Ability of sequencing using MiSeq to detect insertions in NPM1. (A) A characteristic 4 bp insertion (G>GTCTG) in exon 12 of the NPM1 gene is evident in this sample as detected by capillary electrophoresis and is present at a ratio of 0.426 or 42.6%. (B) Sequencing of the same sample using MiSeq also detected and called this mutation at a sequencing depth of 1,164X and a variant frequency of 32.8%. (C) The Ion Torrent Personal Genome Machine (IT-PGM) also detected and called the same 4 bp insertion at a sequencing depth of 2,249X and a variant frequency of 26.5% in the background of wild-type sequence. The presence of the insertions in the aligned reads is indicated as characteristic red bars in Integrative Genome Viewer as seen in panels (B) and (C) (indicated by the arrows).

Figure 5.

Assay sensitivity of the V2 upgrade. Undiluted (100%) and samples of DLD1 cell line DNA sequentially diluted into normal female control DNA (50%, 25%, 10% and 5%) were sequenced in six different sequencing runs and the ability to detect the eight different heterozygous (monoallelic) mutations present in each dilution was tested.

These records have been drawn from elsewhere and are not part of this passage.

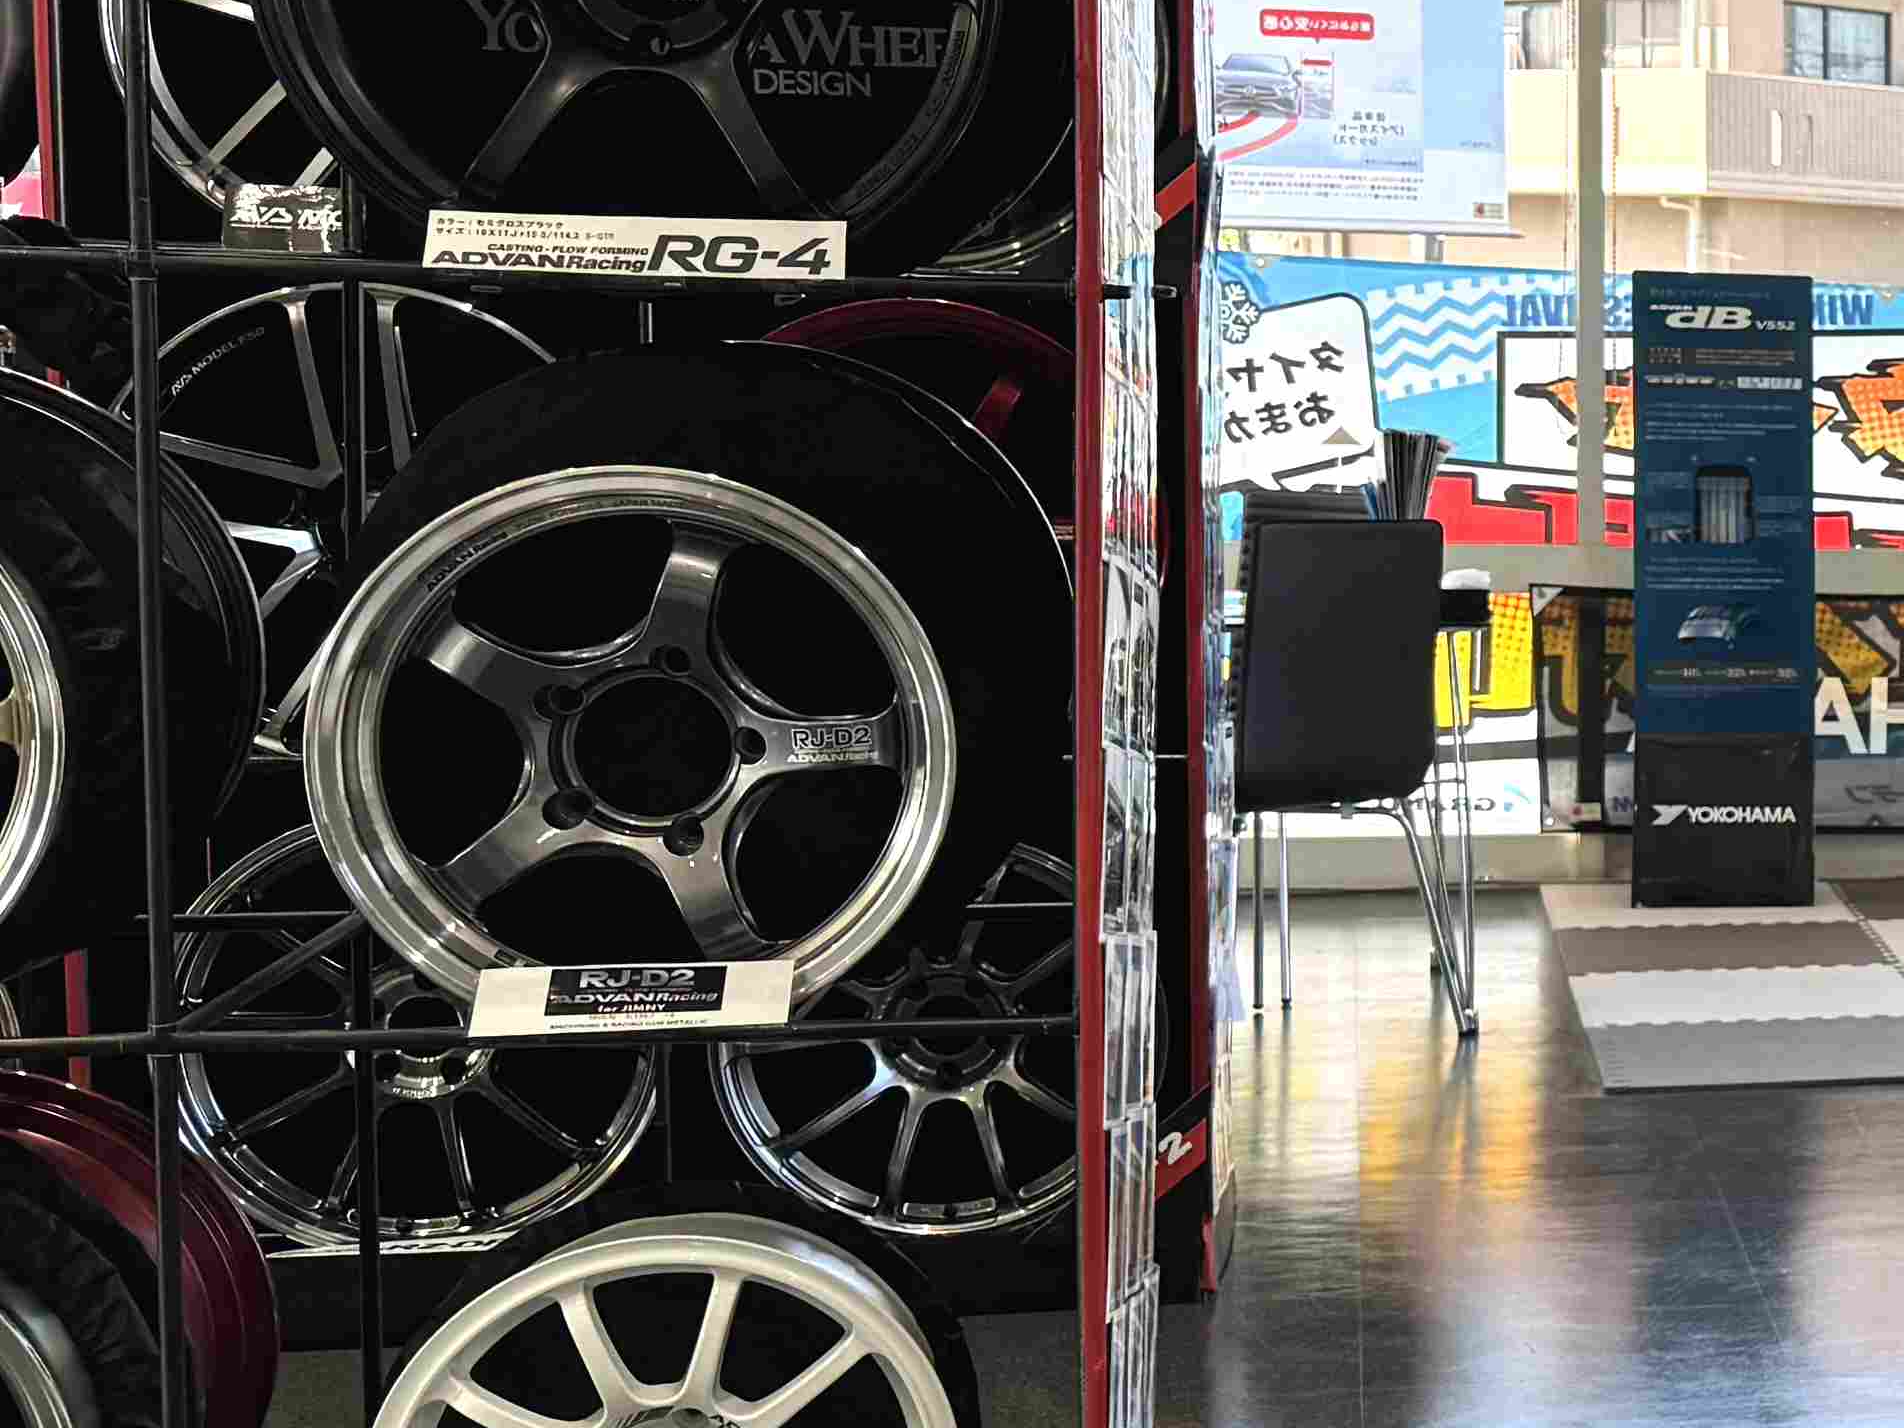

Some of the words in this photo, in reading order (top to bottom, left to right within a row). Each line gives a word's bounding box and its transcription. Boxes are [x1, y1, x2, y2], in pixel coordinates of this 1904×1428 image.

[753, 69, 873, 97] DESIGN
[647, 233, 831, 276] RG-4
[1665, 305, 1753, 330] dB
[1755, 320, 1796, 331] V552
[791, 724, 873, 750] RJ-D2
[1687, 804, 1797, 824] YOKOHAMA
[578, 968, 696, 989] RJ-D2
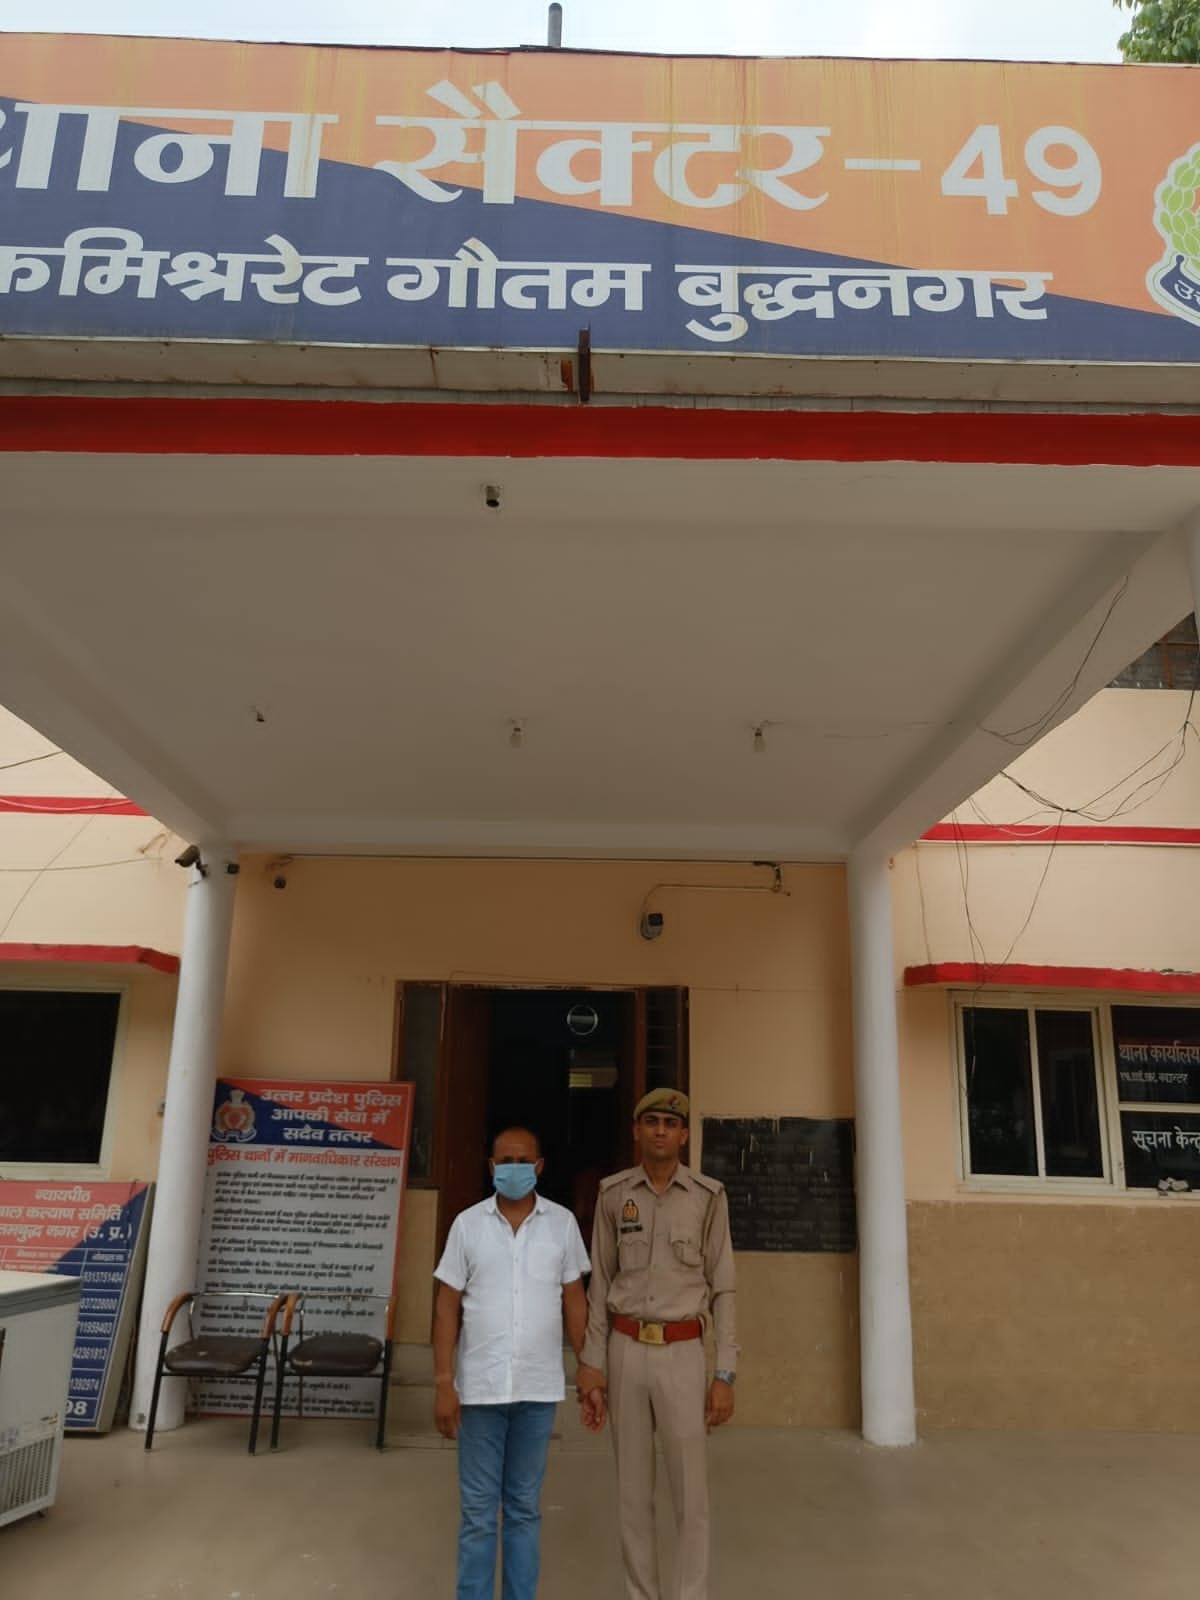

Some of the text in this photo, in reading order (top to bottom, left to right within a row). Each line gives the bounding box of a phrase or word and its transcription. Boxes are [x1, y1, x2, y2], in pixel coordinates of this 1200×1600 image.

[386, 237, 652, 312] गौतम
[675, 264, 1054, 343] बुद्धनगर
[260, 1088, 402, 1111] उत्तर प्रदेश पुलिस
[271, 1106, 391, 1125] आपकी सेवा में
[283, 1124, 374, 1143] सदैव तत्पर
[1131, 1130, 1172, 1153] सूचना
[26, 1207, 76, 1220] कल्याण
[79, 1203, 122, 1221] समिति
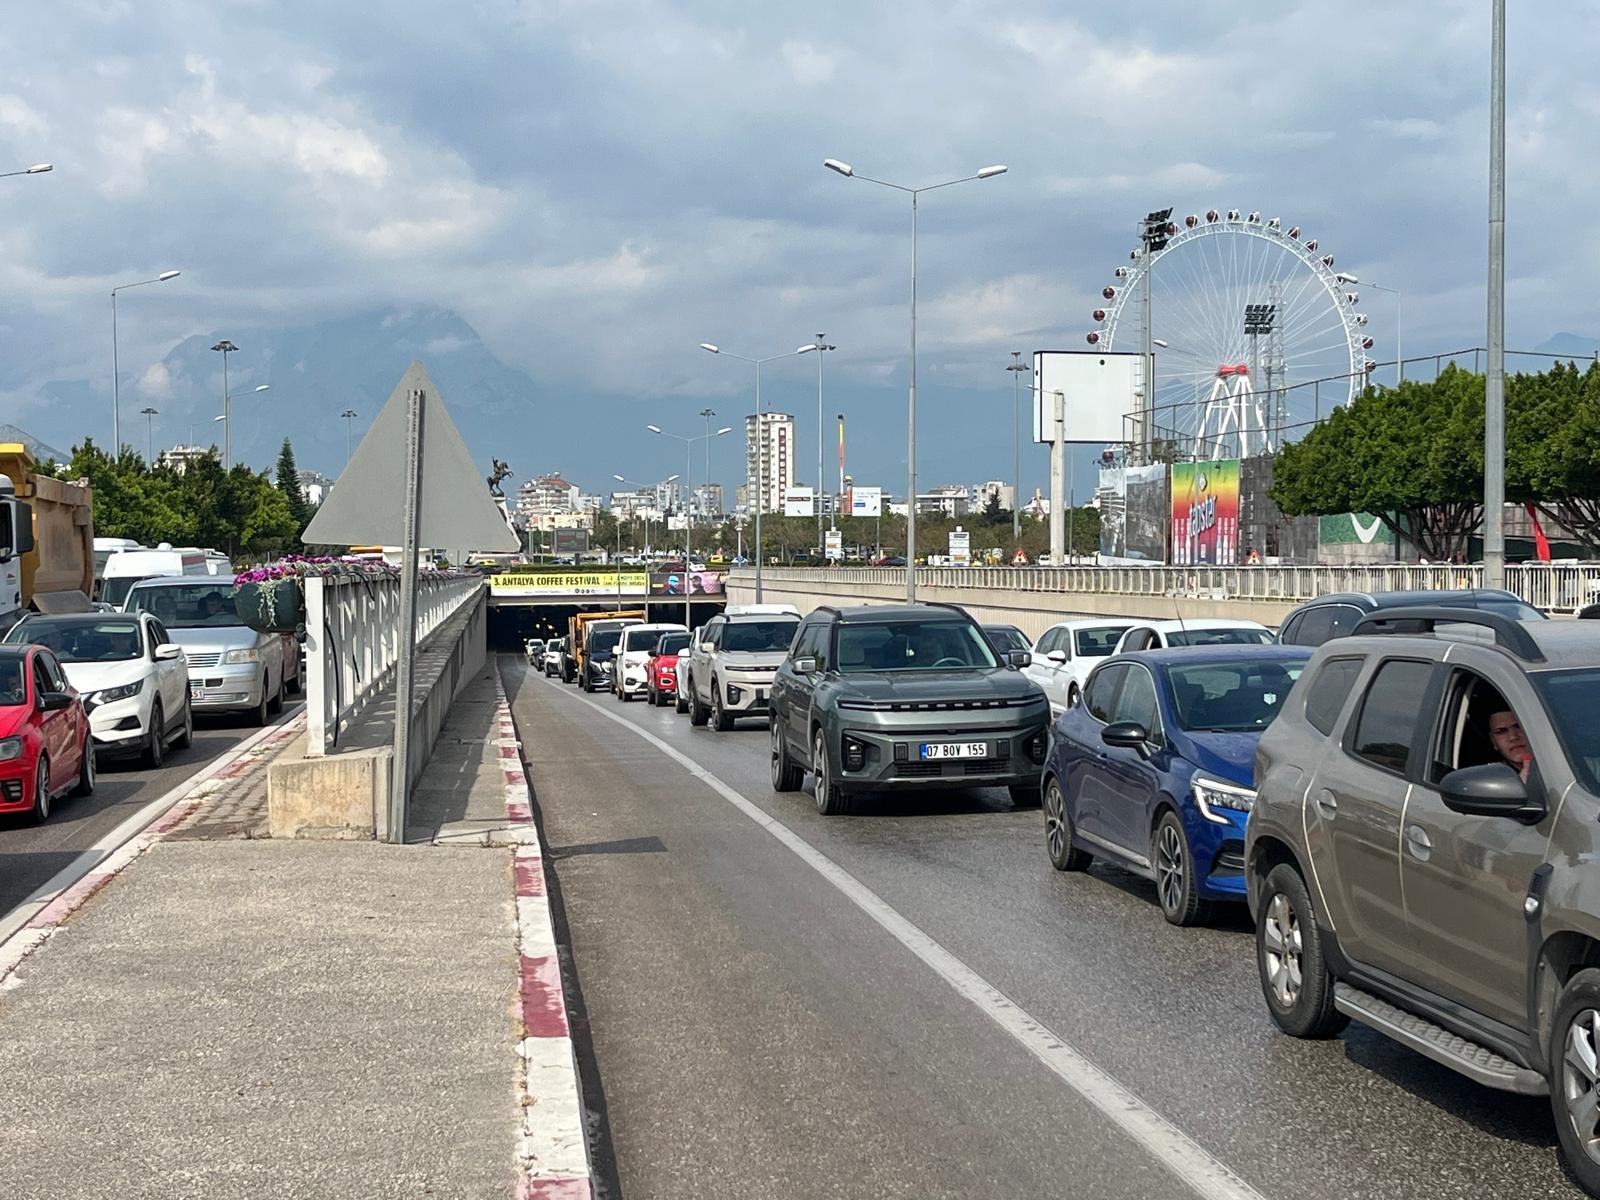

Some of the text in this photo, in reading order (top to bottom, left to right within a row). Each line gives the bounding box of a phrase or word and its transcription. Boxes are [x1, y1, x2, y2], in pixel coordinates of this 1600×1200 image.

[494, 577, 500, 586] 3.
[502, 577, 534, 586] ANTALYA
[537, 576, 563, 586] COFFEE
[566, 576, 600, 585] FESTIVAL
[927, 745, 938, 757] 07
[967, 743, 985, 756] 155
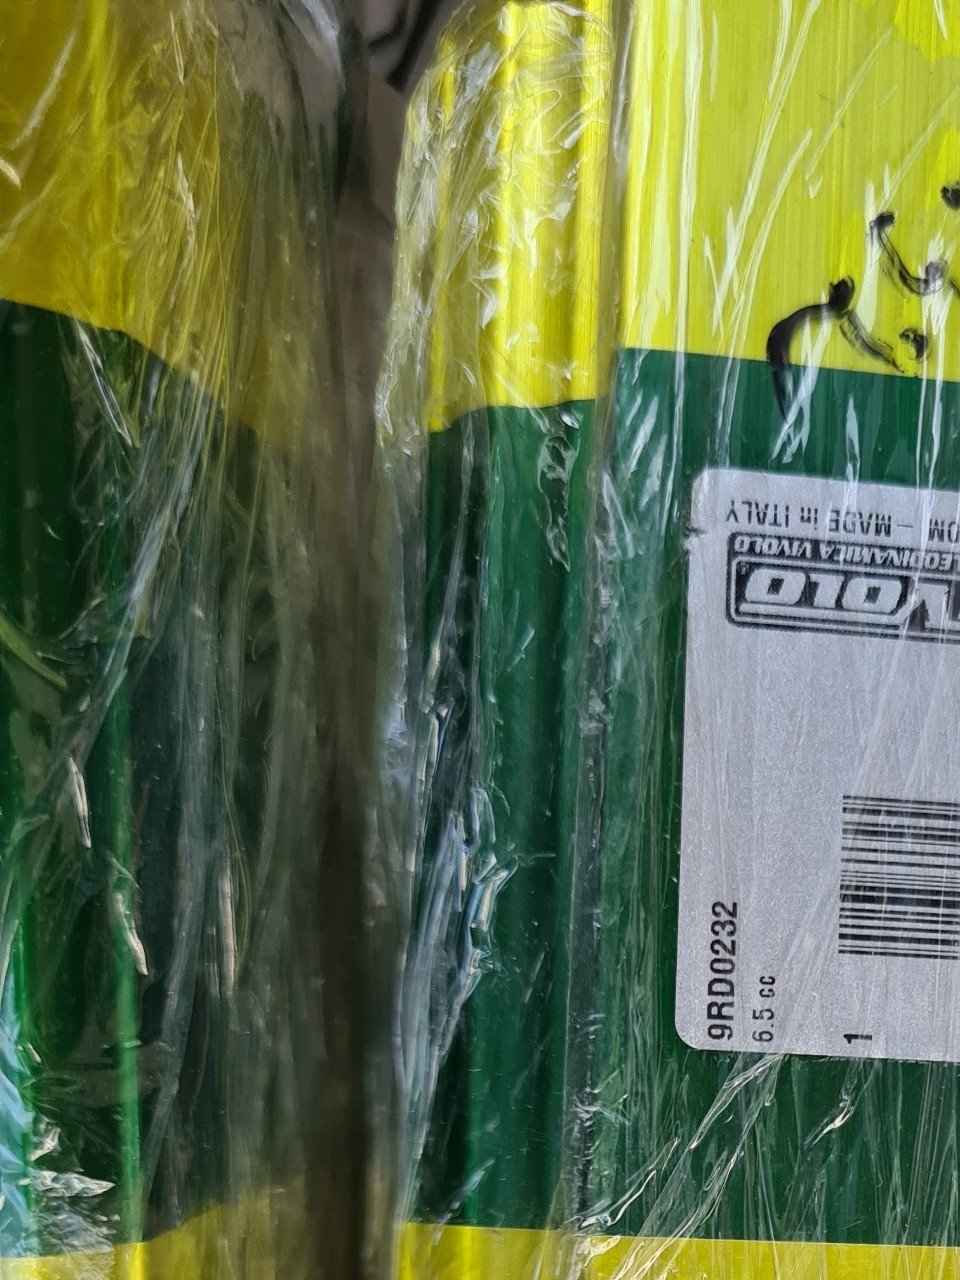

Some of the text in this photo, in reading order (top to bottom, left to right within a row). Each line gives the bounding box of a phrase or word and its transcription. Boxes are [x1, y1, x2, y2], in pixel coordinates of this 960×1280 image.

These mutations were successfully detected in every dilution tested in all of the sequencing runs with minimal variation in the variant frequency detected.

Figure 6.

Application for disease monitoring. (A) IDH2 and NPM1 mutations detected in a patient at the onset of the disease were missed subsequently when present at low levels (days 10 and 185) when monitored by Sanger sequencing but were effectively detected and called by MiSeq. The time point of clinical remission is indicated by the arrow (B) Mutations in DNMT3A and NRAS, and insertions in NPM1 and FLT3 were detected at diagnosis and followed subsequently. Two low-lying FLT3 D835 mutations appeared at day 95 indicating the need to follow multiple mutations. The FLT3 ITD percentages as detected by capillary electrophoresis are plotted. The time point of clinical remission is indicated by the arrow (C) Two NRAS mutations were detected, one of which disappeared with treatment indicating distinct clones. A FLT3 Y842H activating mutation, not routinely tested for was also detected by multigene screening on MiSeq (D) Mutations were detected in four genes at diagnosis warranting testing of each of them after treatment. The mutiplexing capacity of MiSeq would help in consolidating them on to a single platform. Data presented in panels (C) and (D) were from patients with refractory AML.